Records from a data source:
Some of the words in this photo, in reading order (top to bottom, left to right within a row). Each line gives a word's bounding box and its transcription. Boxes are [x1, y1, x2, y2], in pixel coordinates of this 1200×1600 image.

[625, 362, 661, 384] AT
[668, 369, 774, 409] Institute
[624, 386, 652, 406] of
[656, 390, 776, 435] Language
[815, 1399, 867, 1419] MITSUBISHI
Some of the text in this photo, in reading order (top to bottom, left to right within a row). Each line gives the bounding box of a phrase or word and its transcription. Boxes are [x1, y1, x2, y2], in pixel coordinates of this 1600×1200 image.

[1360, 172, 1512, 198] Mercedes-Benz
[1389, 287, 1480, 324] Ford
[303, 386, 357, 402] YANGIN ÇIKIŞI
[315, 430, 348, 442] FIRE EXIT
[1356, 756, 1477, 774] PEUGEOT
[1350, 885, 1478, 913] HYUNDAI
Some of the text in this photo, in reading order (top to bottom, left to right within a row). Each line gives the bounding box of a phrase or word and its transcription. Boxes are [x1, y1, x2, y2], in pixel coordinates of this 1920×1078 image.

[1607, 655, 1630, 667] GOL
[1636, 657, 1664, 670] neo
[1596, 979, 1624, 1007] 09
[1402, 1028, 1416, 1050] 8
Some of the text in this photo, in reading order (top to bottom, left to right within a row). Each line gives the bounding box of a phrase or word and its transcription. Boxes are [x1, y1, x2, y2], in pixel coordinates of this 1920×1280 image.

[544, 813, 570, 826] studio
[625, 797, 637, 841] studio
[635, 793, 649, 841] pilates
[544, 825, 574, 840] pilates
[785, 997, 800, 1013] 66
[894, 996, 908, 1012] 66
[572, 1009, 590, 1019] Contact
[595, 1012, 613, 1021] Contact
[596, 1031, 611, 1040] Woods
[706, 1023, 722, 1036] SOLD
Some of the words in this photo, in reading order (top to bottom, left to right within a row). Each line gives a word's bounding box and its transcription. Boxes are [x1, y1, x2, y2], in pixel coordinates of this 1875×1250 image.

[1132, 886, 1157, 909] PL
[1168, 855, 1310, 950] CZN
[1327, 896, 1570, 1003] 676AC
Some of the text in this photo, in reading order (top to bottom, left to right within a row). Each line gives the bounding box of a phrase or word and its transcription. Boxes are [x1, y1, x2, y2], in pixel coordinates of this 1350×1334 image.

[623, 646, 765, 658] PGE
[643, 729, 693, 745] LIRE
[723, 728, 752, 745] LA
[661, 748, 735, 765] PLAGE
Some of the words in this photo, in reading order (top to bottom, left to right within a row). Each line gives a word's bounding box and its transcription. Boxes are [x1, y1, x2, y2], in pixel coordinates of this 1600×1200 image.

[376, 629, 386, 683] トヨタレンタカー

REQUIRED ACTION
Exact copies of all the entries above should be returned.

REPLY TO THE TASK
Some of the words in this photo, in reading order (top to bottom, left to right within a row). Each line gives a word's bounding box and its transcription. Boxes are [x1, y1, x2, y2], in pixel coordinates of this 1200×1600 image.

[625, 362, 661, 384] AT
[668, 369, 774, 409] Institute
[624, 386, 652, 406] of
[656, 390, 776, 435] Language
[815, 1399, 867, 1419] MITSUBISHI
Some of the text in this photo, in reading order (top to bottom, left to right within a row). Each line gives the bounding box of a phrase or word and its transcription. Boxes are [x1, y1, x2, y2], in pixel coordinates of this 1600×1200 image.

[1360, 172, 1512, 198] Mercedes-Benz
[1389, 287, 1480, 324] Ford
[303, 386, 357, 402] YANGIN ÇIKIŞI
[315, 430, 348, 442] FIRE EXIT
[1356, 756, 1477, 774] PEUGEOT
[1350, 885, 1478, 913] HYUNDAI
Some of the text in this photo, in reading order (top to bottom, left to right within a row). Each line gives the bounding box of a phrase or word and its transcription. Boxes are [x1, y1, x2, y2], in pixel coordinates of this 1920×1078 image.

[1607, 655, 1630, 667] GOL
[1636, 657, 1664, 670] neo
[1596, 979, 1624, 1007] 09
[1402, 1028, 1416, 1050] 8
Some of the text in this photo, in reading order (top to bottom, left to right within a row). Each line gives the bounding box of a phrase or word and its transcription. Boxes are [x1, y1, x2, y2], in pixel coordinates of this 1920×1280 image.

[544, 813, 570, 826] studio
[625, 797, 637, 841] studio
[635, 793, 649, 841] pilates
[544, 825, 574, 840] pilates
[785, 997, 800, 1013] 66
[894, 996, 908, 1012] 66
[572, 1009, 590, 1019] Contact
[595, 1012, 613, 1021] Contact
[596, 1031, 611, 1040] Woods
[706, 1023, 722, 1036] SOLD
Some of the words in this photo, in reading order (top to bottom, left to right within a row). Each line gives a word's bounding box and its transcription. Boxes are [x1, y1, x2, y2], in pixel coordinates of this 1875×1250 image.

[1132, 886, 1157, 909] PL
[1168, 855, 1310, 950] CZN
[1327, 896, 1570, 1003] 676AC
Some of the text in this photo, in reading order (top to bottom, left to right within a row). Each line gives the bounding box of a phrase or word and its transcription. Boxes are [x1, y1, x2, y2], in pixel coordinates of this 1350×1334 image.

[623, 646, 765, 658] PGE
[643, 729, 693, 745] LIRE
[723, 728, 752, 745] LA
[661, 748, 735, 765] PLAGE
Some of the words in this photo, in reading order (top to bottom, left to right within a row). Each line gives a word's bounding box and its transcription. Boxes are [x1, y1, x2, y2], in pixel coordinates of this 1600×1200 image.

[376, 629, 386, 683] トヨタレンタカー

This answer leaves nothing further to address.